ANTONIO(regarde en l'air.)
La lune devrait être levée.
BARTHOLO
Eh ! quels noirs apprêts fais-tu donc ? Il a l'air d'un conspirateur !
FIGARO(s'agitant.)
N'est-ce pas pour une noce, je vous prie, que vous êtes rassemblés au château ?
BRID'OISON
Cè-ertainement.
ANTONIO
Nous allions là-bas, dans le parc, attendre un signal pour ta fête.
FIGARO
Vous n'irez pas plus loin, messieurs ; c'est ici, sous ces marronniers, que nous devons tous célébrer l'honnête fiancée que j'épouse, et le loyal seigneur qui se l'est destinée.
BASILE(se rappelant la journée.)
Ah ! vraiment, je sais ce que c'est.
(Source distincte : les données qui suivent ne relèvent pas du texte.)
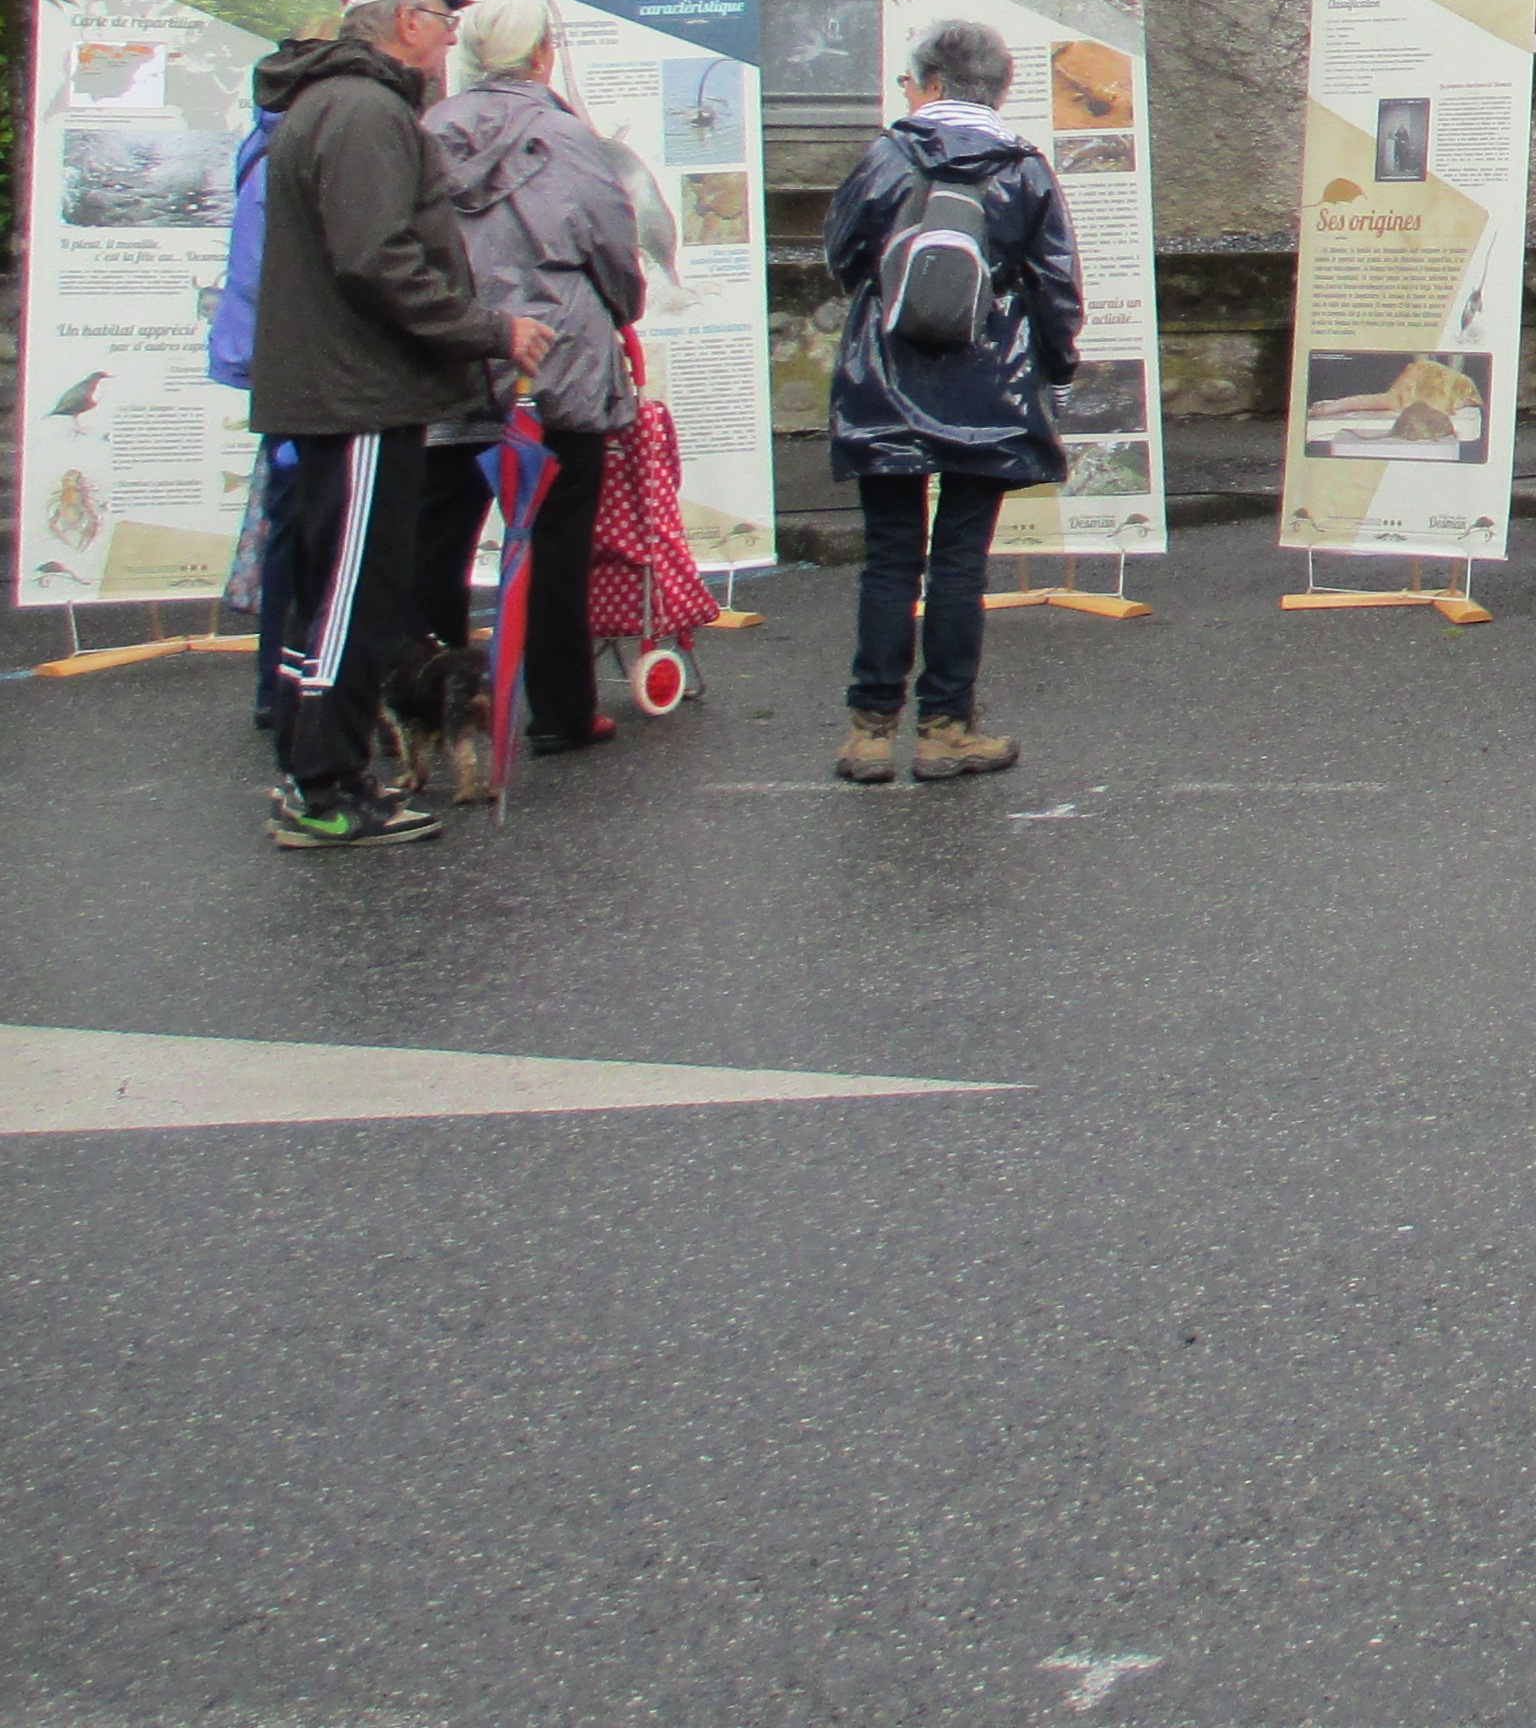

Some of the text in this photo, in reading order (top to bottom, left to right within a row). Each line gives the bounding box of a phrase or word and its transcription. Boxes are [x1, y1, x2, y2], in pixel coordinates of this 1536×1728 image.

[639, 0, 745, 17] caractéristique
[1315, 208, 1422, 239] Ses origines
[1126, 298, 1143, 308] un
Retirons-nous, si vous m'en croyez : il est question d'un rendez-vous ; je vous conterai cela près d'ici.
BRID'OISON(à Figaro.)
Nou-ous reviendrons.
FIGARO
Quand vous m'entendrez appeler, ne manquez pas d'accourir tous, et dites du mal de Figaro. s'il ne vous fait voir une belle chose.
BARTHOLO
Souviens-toi qu'un homme sage ne se fait point d'affaires avec les grands.
FIGARO
Je m'en souviens.
BARTHOLO
Qu'ils ont quinze et bisque sur nous par leur état.
FIGARO
Sans leur industrie, que vous oubliez. Mais souvenez-vous aussi que l'homme qu'on sait timide est dans la dépendance de tous les fripons.
BARTHOLO
Fort bien.
FIGARO
Et que j'ai nom de Verte-Allure, du chef honoré de ma mère.
BARTHOLO
Il a le diable au corps.
BRID'OISON
I-il l'a
BASILE(à part.)
Le comte et sa Suzanne se sont arrangés sans moi ? Je ne suis pas fâché de l'algarade.
FIGARO( aux valets.)
Pour vous autres, coquins, à qui j'ai donné l'ordre, illuminez-moi ces entours ; ou, par la mort que je voudrais tenir aux dents, si j'en saisis un par le bras…
(Il secoue le bras de Grippe-Soleil.)
GRIPPE-SOLEIL(s'en va en criant et pleurant.)
A, a, o, oh ! Damné brutal !
BASILE( en s'en allant.)
Le ciel vous tienne en joie, monsieur du marié !
(Ils sortent.)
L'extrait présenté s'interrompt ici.